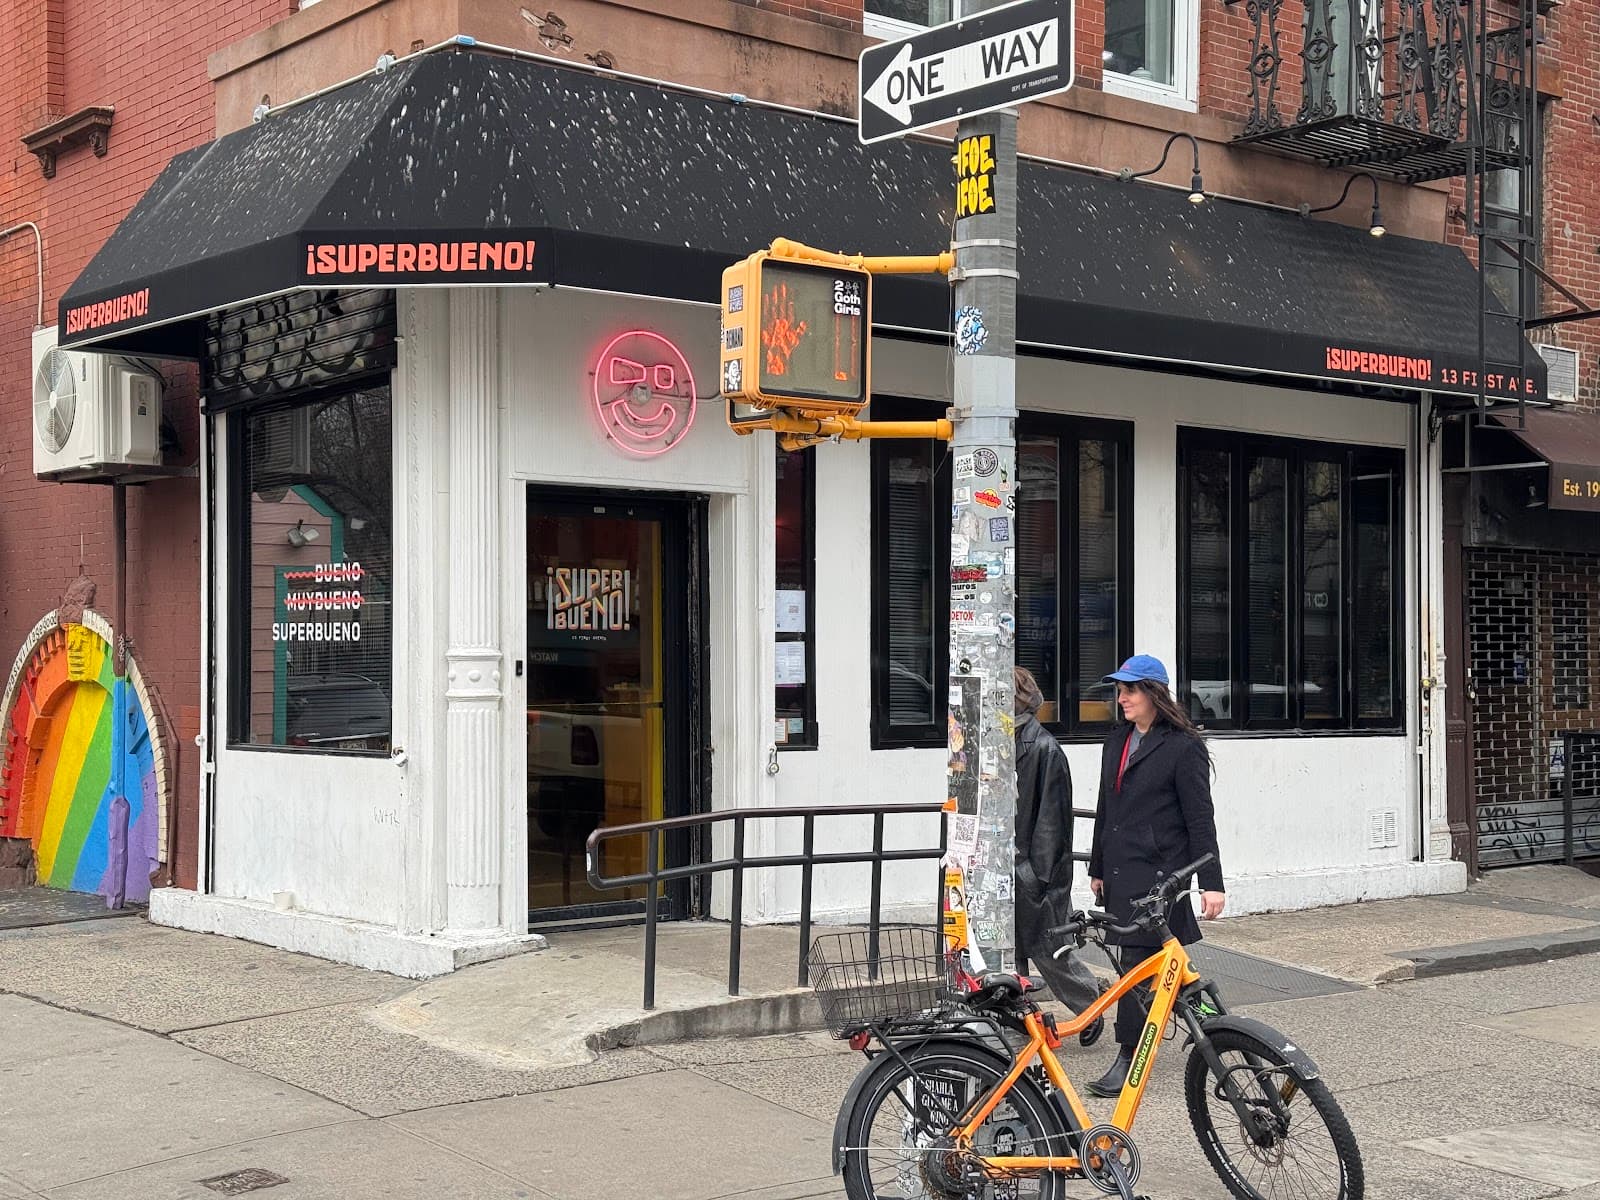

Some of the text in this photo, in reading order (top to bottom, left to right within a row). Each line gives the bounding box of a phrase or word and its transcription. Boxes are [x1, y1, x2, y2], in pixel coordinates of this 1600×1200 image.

[886, 25, 1051, 105] ONE WAY
[306, 240, 536, 275] ¡SUPERBUENO!
[834, 280, 844, 291] 2
[834, 292, 861, 305] Goth
[66, 287, 150, 335] ¡SUPERBUENO!
[834, 303, 861, 316] Girls
[1326, 347, 1538, 394] ¡SUPERBUENO! 13 FIST AE.
[1563, 478, 1600, 498] Est. 19
[315, 562, 361, 582] BUENO
[951, 610, 974, 621] DETOX
[272, 621, 361, 641] SUPERBUENO
[1131, 1024, 1157, 1086] getwhizz.com
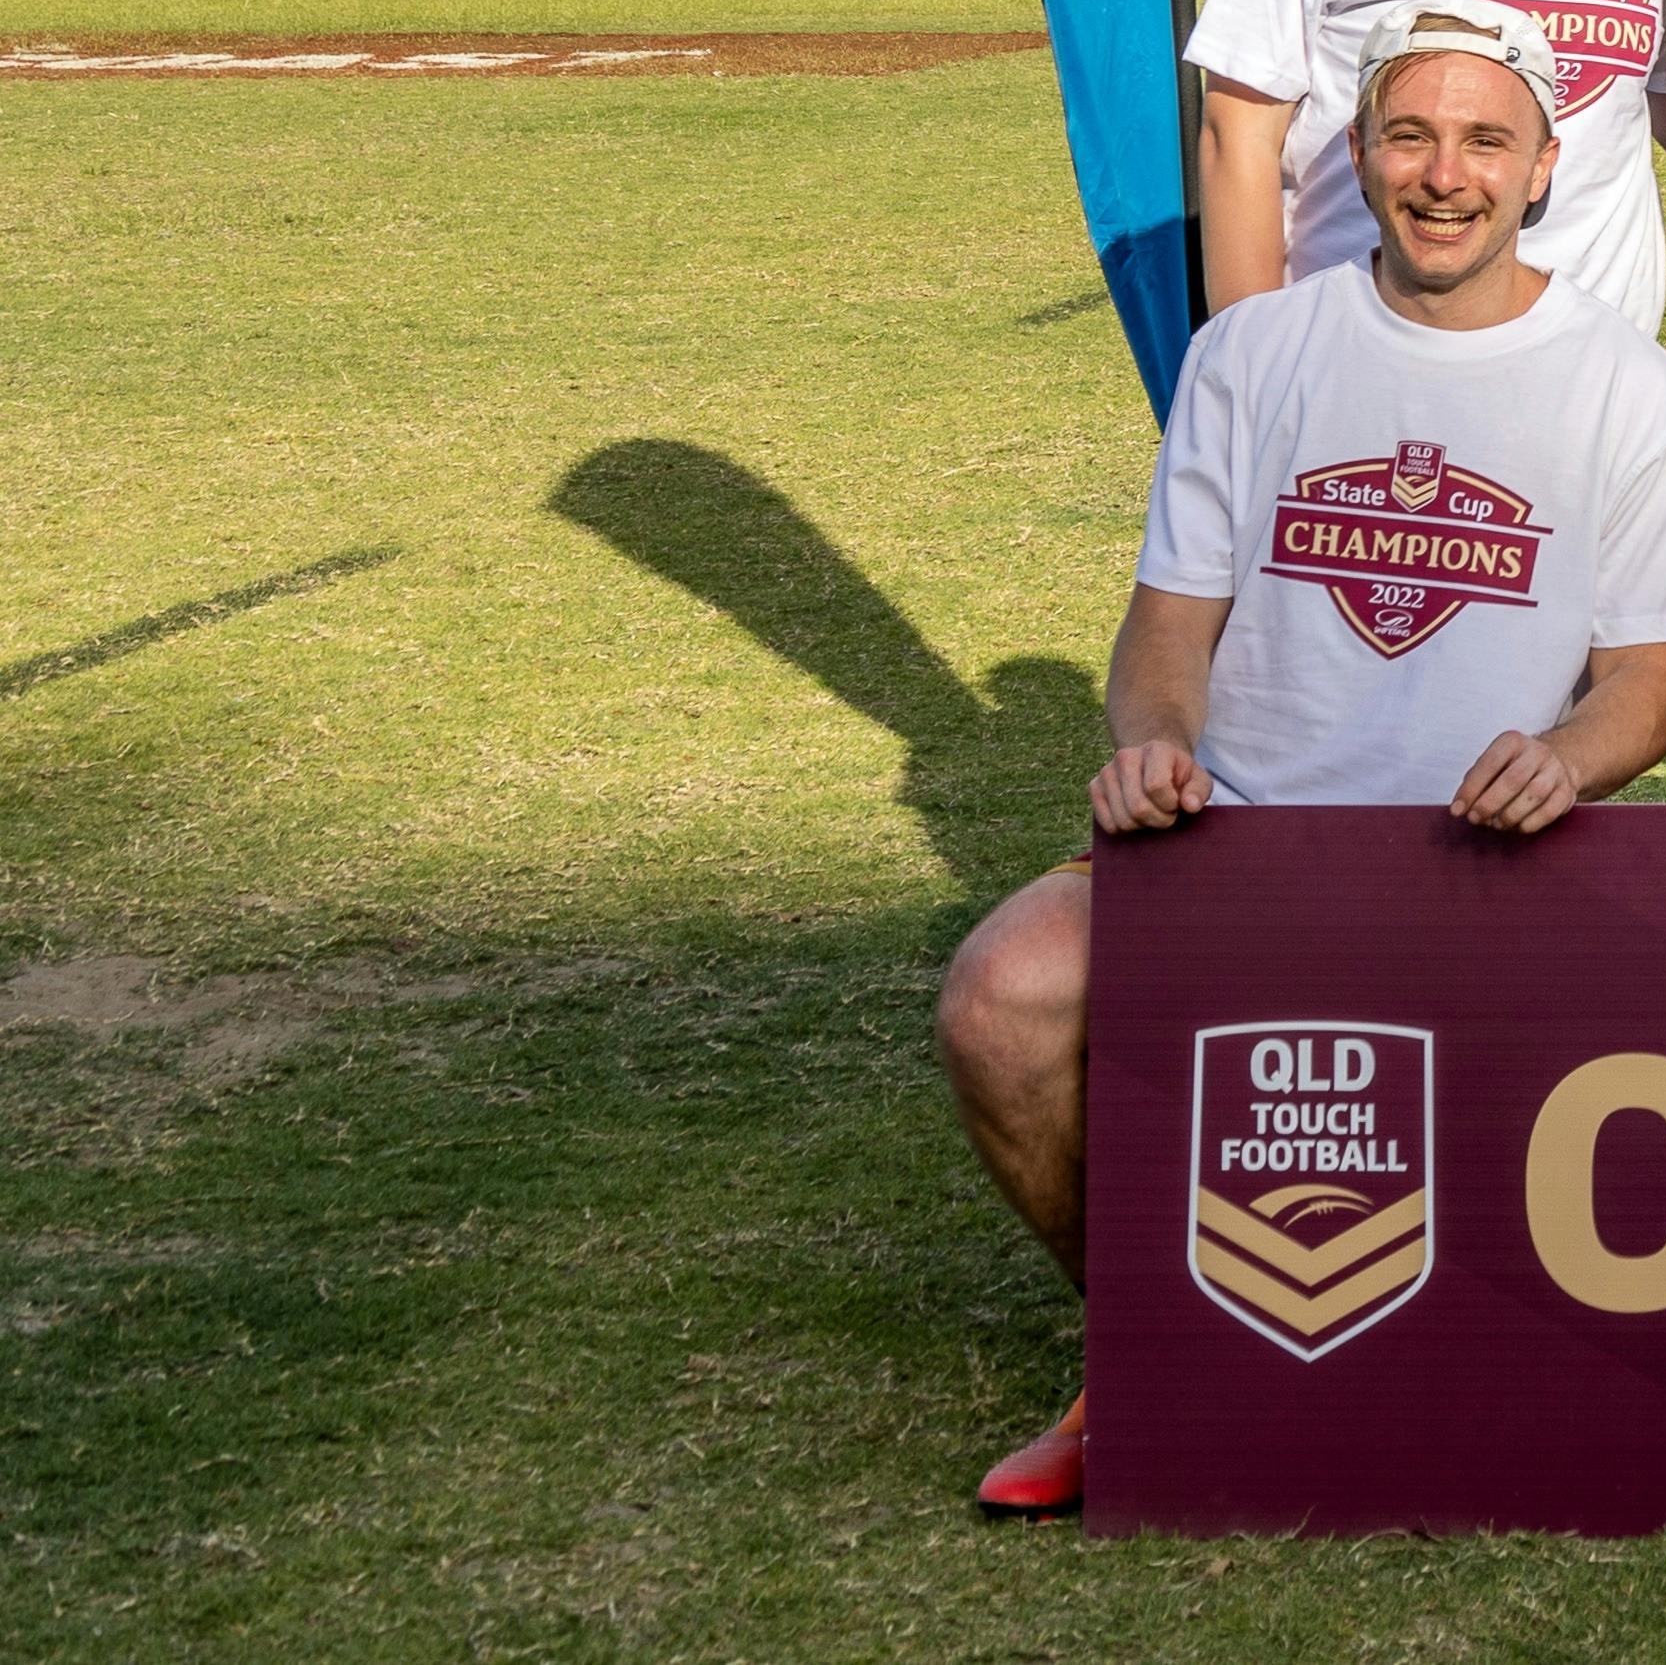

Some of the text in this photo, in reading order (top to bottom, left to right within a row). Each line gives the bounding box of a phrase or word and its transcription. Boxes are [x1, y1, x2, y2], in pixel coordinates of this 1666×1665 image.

================================

### Work to be completed:
Give back each entry exactly as it appears. Leave pictures out.

### Exercise result:
Some of the text in this photo, in reading order (top to bottom, left to right within a row). Each line gives the bounding box of a phrase or word and its transcription. Boxes are [x1, y1, x2, y2], in pixel coordinates of this 1600×1200 image.

[886, 25, 1051, 105] ONE WAY
[306, 240, 536, 275] ¡SUPERBUENO!
[834, 280, 844, 291] 2
[834, 292, 861, 305] Goth
[66, 287, 150, 335] ¡SUPERBUENO!
[834, 303, 861, 316] Girls
[1326, 347, 1538, 394] ¡SUPERBUENO! 13 FIST AE.
[1563, 478, 1600, 498] Est. 19
[315, 562, 361, 582] BUENO
[951, 610, 974, 621] DETOX
[272, 621, 361, 641] SUPERBUENO
[1131, 1024, 1157, 1086] getwhizz.com

Some of the text in this photo, in reading order (top to bottom, left to right within a row). Each line gives the bounding box of a phrase or word and its transcription. Boxes are [x1, y1, x2, y2], in pixel coordinates of this 1666×1665 image.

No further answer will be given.